* Given information *
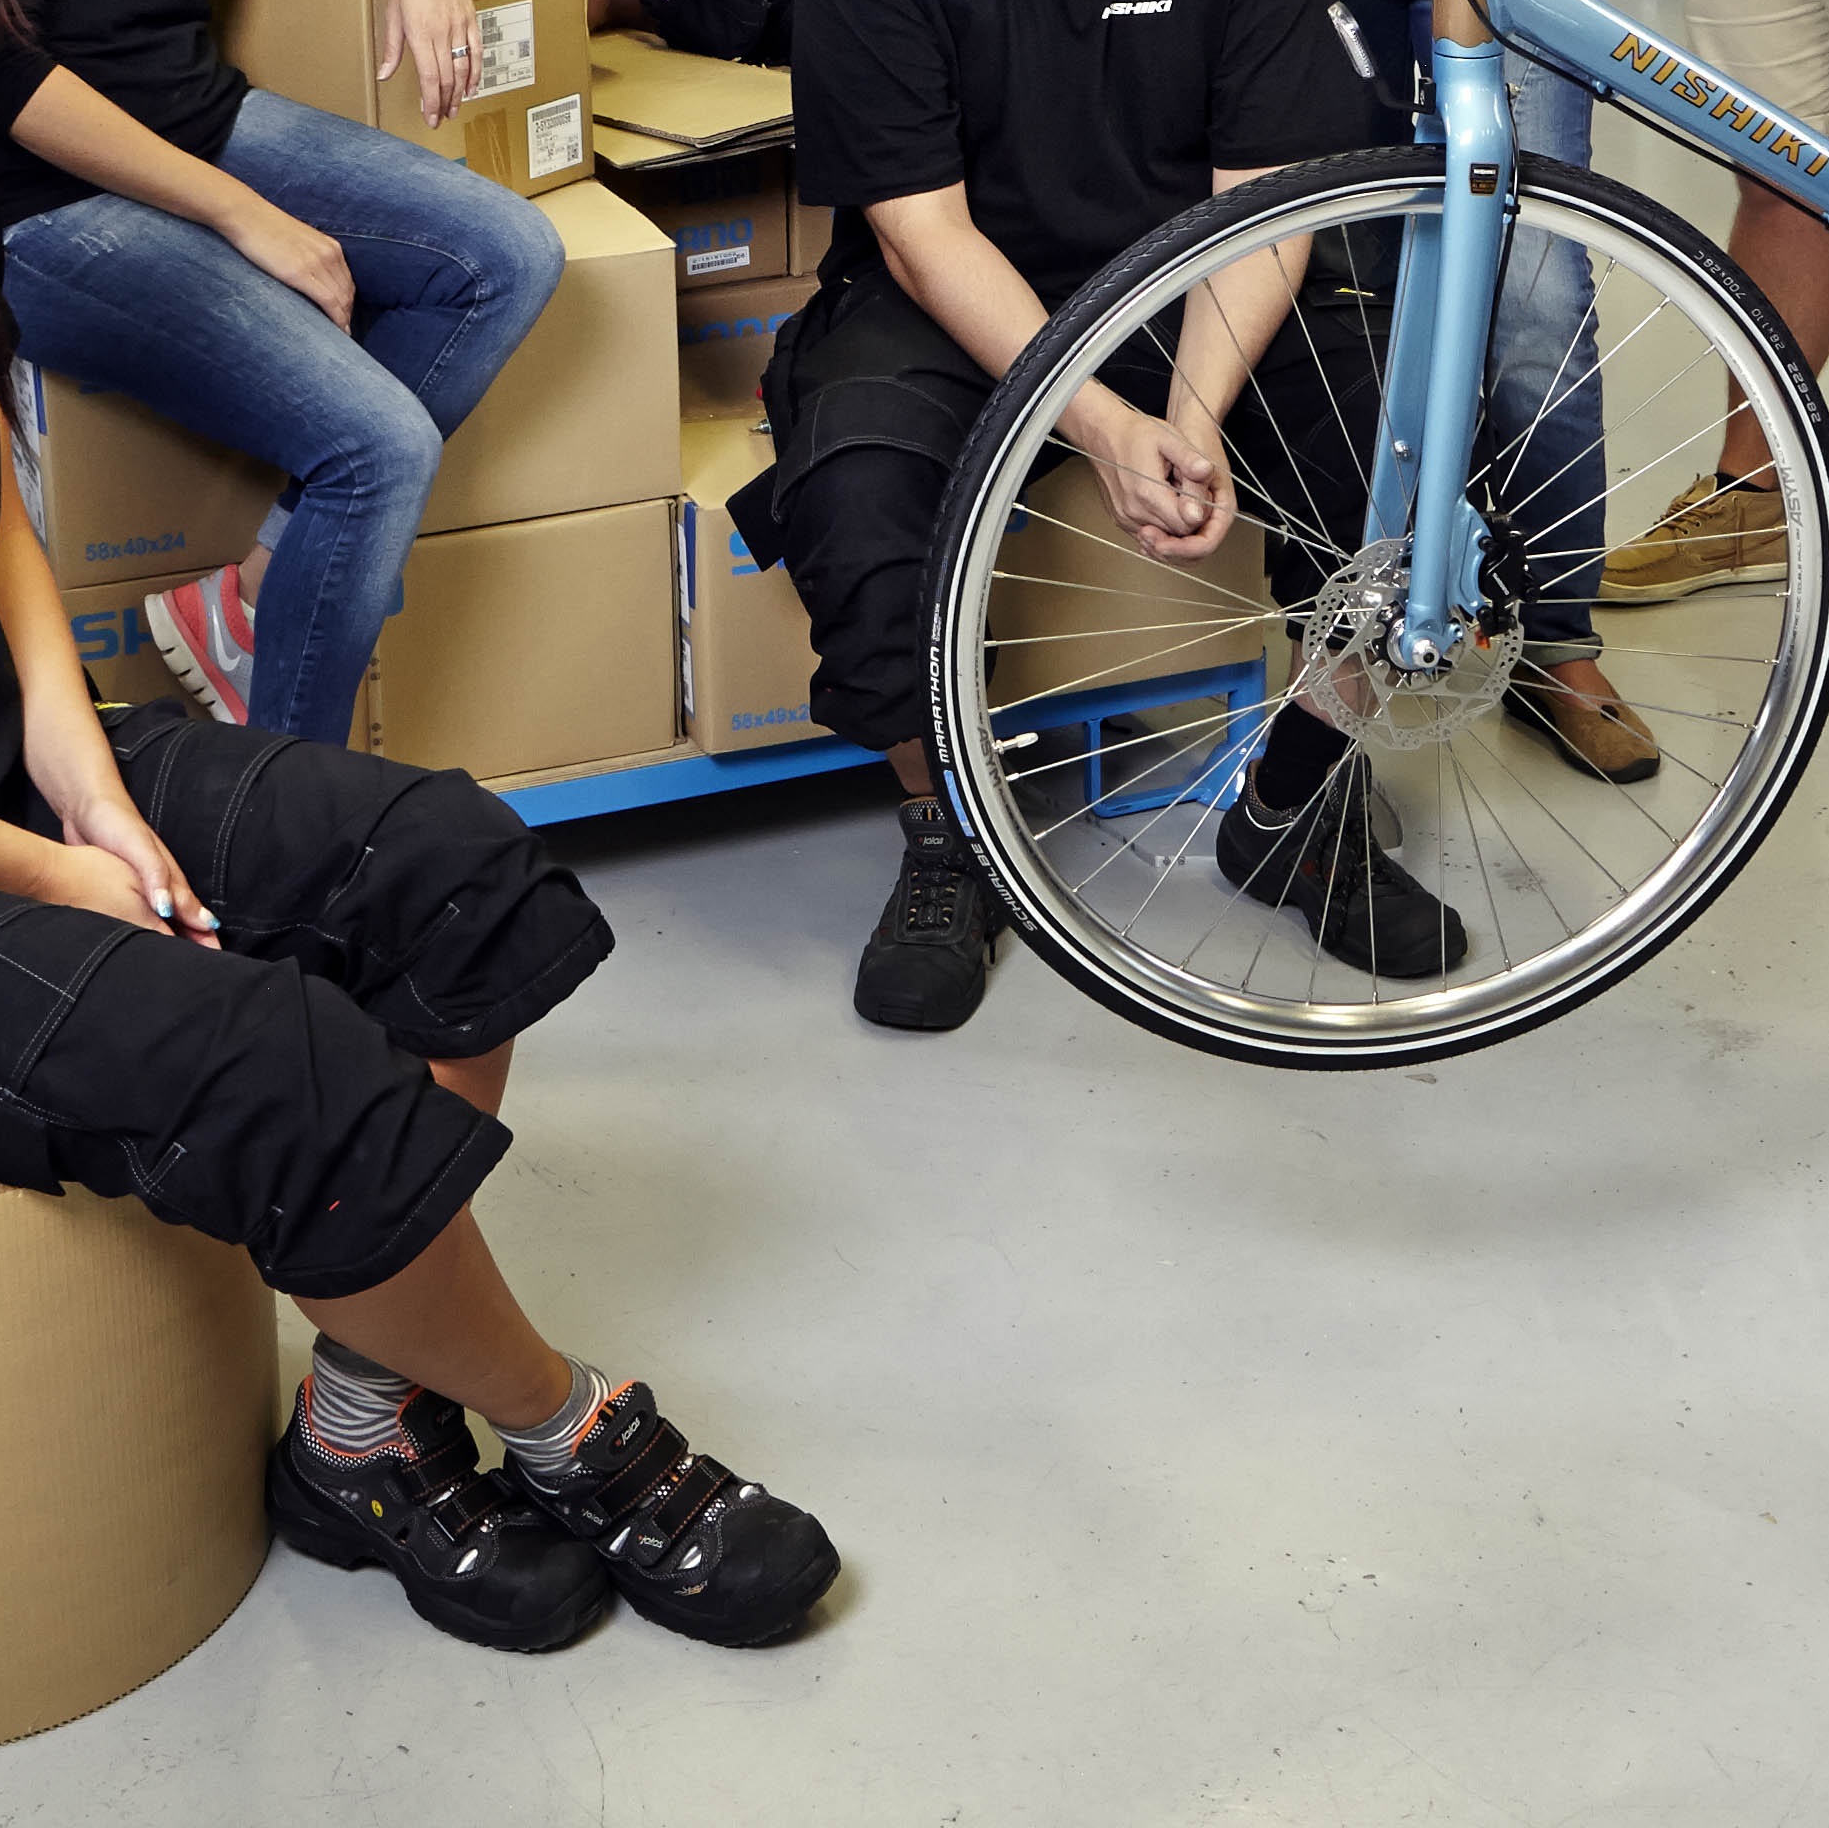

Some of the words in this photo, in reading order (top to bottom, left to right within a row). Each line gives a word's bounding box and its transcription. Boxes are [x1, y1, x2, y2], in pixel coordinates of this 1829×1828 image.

[1786, 361, 1821, 423] 28-622
[929, 646, 950, 764] MARATHON
[971, 842, 1038, 933] SCHWALBE
[620, 1416, 642, 1447] jalas
[639, 1534, 664, 1550] jalas

* Instructions for the task *
All entries must be written out again exactly as given, with no pictures in the copy.

* Worked solution *
Some of the words in this photo, in reading order (top to bottom, left to right within a row). Each line gives a word's bounding box and its transcription. Boxes are [x1, y1, x2, y2], in pixel coordinates of this 1829×1828 image.

[1786, 361, 1821, 423] 28-622
[929, 646, 950, 764] MARATHON
[971, 842, 1038, 933] SCHWALBE
[620, 1416, 642, 1447] jalas
[639, 1534, 664, 1550] jalas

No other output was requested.